El 24 de septiembre me di cuenta de que Luis Santiago, el hijo de Ivonne Lozano y Orlando Pelayo, había sido secuestrado. Inmediatamente empezaron a darse las marchas de protesta en las que se veía al padre lamentando su desaparición. Gracias a la presión mediática, la Policía aceleró las investigaciones para dar con el paradero del menor de edad. Así fue como dos hampones —inicialmente contactados por Pelayo para que secuestraran a su hijo— acudieron a la justicia para delatarlo, aprovechando que ellos se habían negado a hacerlo.

La Policía siguió investigando, interrogó cinco veces a Pelayo, quien se había mostrado muy puntual y colaborador. Cuando los cuestionarios se volvieron más incisivos, él pidió un abogado para confesar. Como era medianoche y no había uno, me llamaron por ser muy cercano a la Policía, ya que mi esposa es coronel. En ese momento sabía que se trataba del caso de Luis Santiago, pero como su padre aún estaba en libertad, nada estaba escrito.

Cuando lo entrevisté le dije que confesar el secuestro de su hijo sería autoincriminarse. Le expliqué que la autoincriminación es como una colaboración con la justicia que sirve para buscar ciertos beneficios, pero que por tratarse de un crimen contra un menor de edad los perdería automáticamente. Entonces me confesó que les había pagado 500.000 pesos a los señores Jorge Ovalle y Martha Lucía Garzón para que lo secuestraran porque, según él, Luís Santiago había deteriorado su relación con Ivonne Lozano, y por eso lo veía como un obstáculo.

Me molesté porque lo dijo de manera frívola y calculadora. Le recomendé que le pidiera perdón a la sociedad. Pero a esas alturas lo único que me importaba era la suerte de Luis Santiago. Por dentro sentía que estaba vivo. Le pregunté si estaba muerto, y me dijo que sí. Le volví a insistir y me respondió lo mismo. De todos modos, hasta el fiscal guardaba las esperanzas de que siguiera vivo, porque tanto él como yo pensábamos que un padre, por más malo que fuera, sería incapaz de asesinar a su propio hijo. Además, sin cadáver no se podía oficializar su muerte.
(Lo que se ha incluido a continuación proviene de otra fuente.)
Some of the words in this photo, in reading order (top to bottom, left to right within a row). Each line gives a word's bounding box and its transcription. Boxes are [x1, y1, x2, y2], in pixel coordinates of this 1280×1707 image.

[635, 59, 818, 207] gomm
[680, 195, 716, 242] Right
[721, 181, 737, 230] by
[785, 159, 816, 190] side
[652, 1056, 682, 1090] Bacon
En medio de la incertidumbre, el 27 de septiembre se dieron las audiencias de formulación donde Pelayo aceptó los cargos por recomendación mía. Hasta ese momento, su imputación era la de secuestro simple. Una vez le dictan medida de aseguramiento por secuestro simple agravado por vínculos sanguíneos, Pelayo da las coordenadas de donde estaba el cuerpo. Como en esa búsqueda no encuentran nada, Pelayo dio otras coordenadas donde finalmente apareció el cadáver de Luis Santiago.

Ahí renuncié. Sentí un inmenso dolor porque soy padre de familia y porque antes de ser abogado soy un ser humano al que le duelen los delitos atroces. Recibí mensajes de apoyo que aplaudían mi determinación. Otros colegas también me felicitaron y solamente una abogada me recriminó por abandonar el caso. Ante eso debo decir que dentro del ámbito jurídico, uno puede tomar un caso y, según las circunstancias, abandonarlo también.
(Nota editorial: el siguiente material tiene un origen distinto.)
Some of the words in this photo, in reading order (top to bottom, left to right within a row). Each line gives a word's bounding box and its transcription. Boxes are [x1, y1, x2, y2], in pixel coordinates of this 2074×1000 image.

Si inicialmente lo defendí fue porque se debe tener la madurez para defender los mínimos derechos de una persona, como velar por un juicio justo, que las autoridades no abusen o maltraten a un inculpado y que lo que tenga para decir lo diga en un marco legal. Así las cosas, lo que hice fue garantizarle al señor Pelayo sus derechos fundamentales.
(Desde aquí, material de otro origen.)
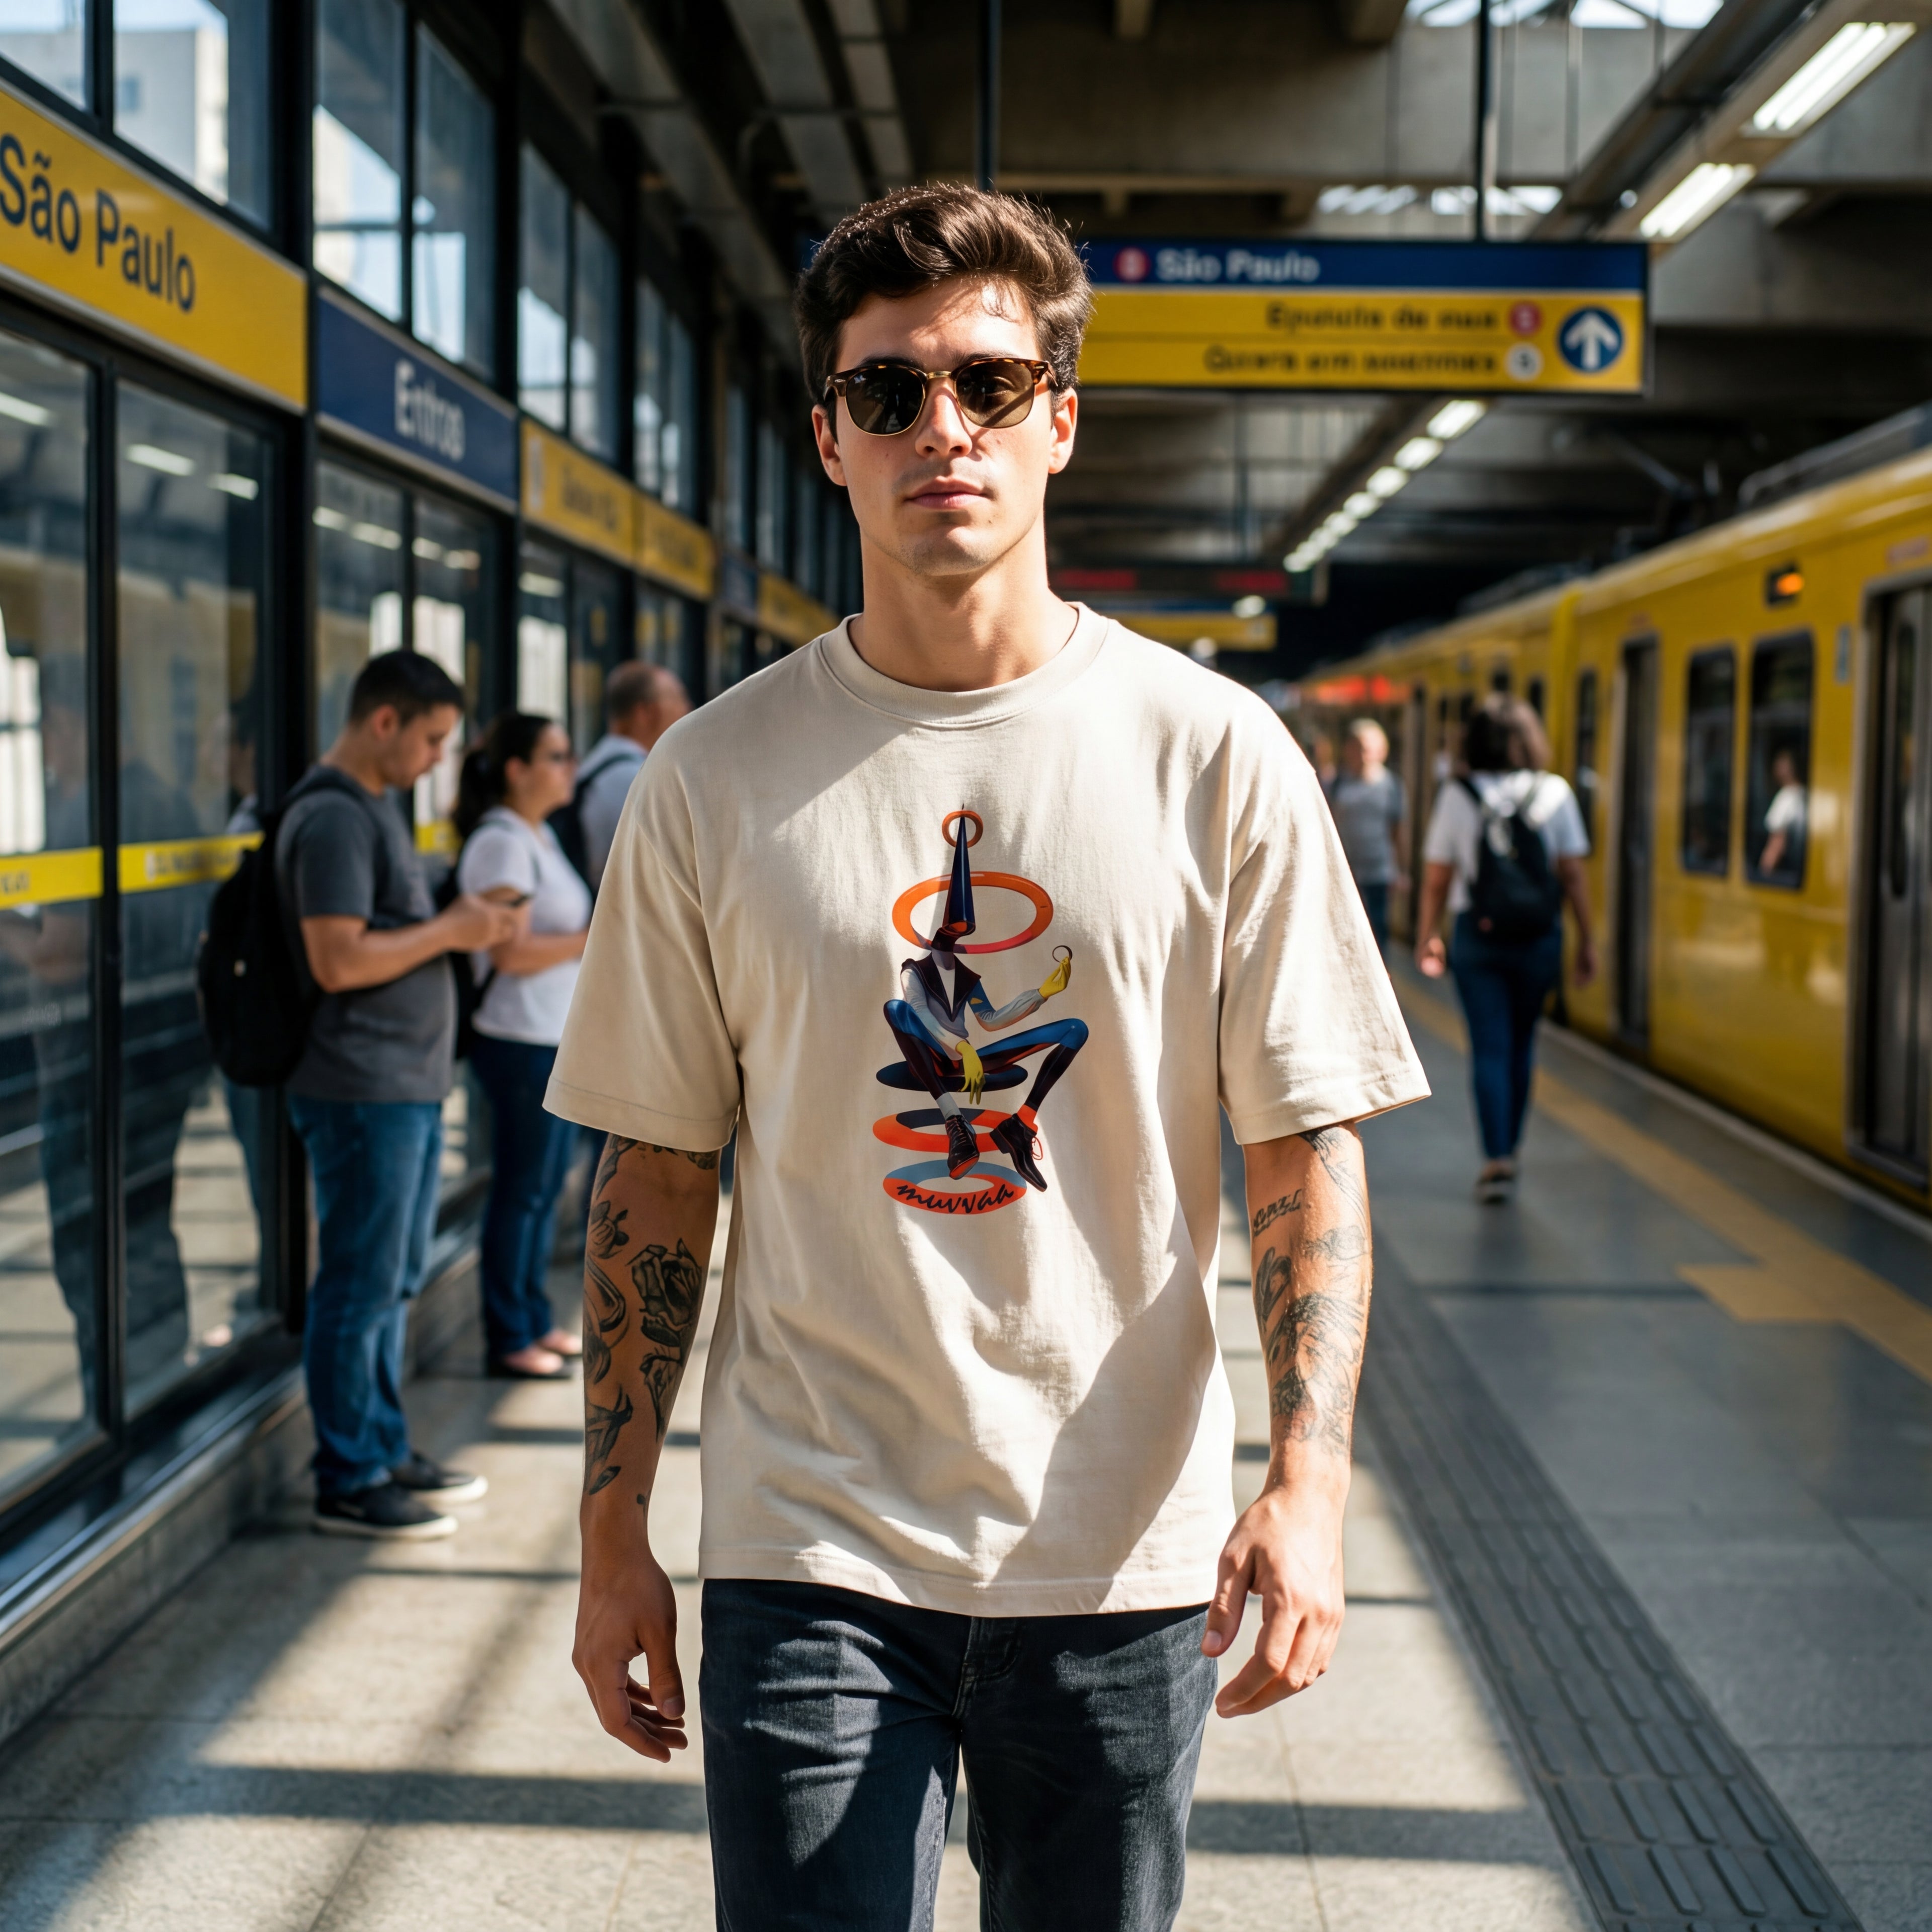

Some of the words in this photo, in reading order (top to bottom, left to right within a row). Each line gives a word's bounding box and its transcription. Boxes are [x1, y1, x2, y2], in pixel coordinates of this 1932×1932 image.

[0, 133, 81, 255] São
[97, 188, 196, 314] Paulo
[1157, 248, 1221, 282] São
[1226, 249, 1320, 283] Paulo
Casualmente el año pasado defendí a una pareja acusada de asesinar a su hija. Ellos me contrataron aduciendo su inocencia y pude demostrar que lo eran. Luego, el fiscal apeló la medida y el proceso entró a casación, un recurso que es revisado por un tribunal cuando existen dudas sobre un caso. Otro abogado lo retomó porque el procedimiento así lo exige y todo parece indicar que son culpables. Si se volviera a presentar un caso similar a cualquiera de estos dos, no sabría qué hacer; cada uno es único y tiene sus propias aristas.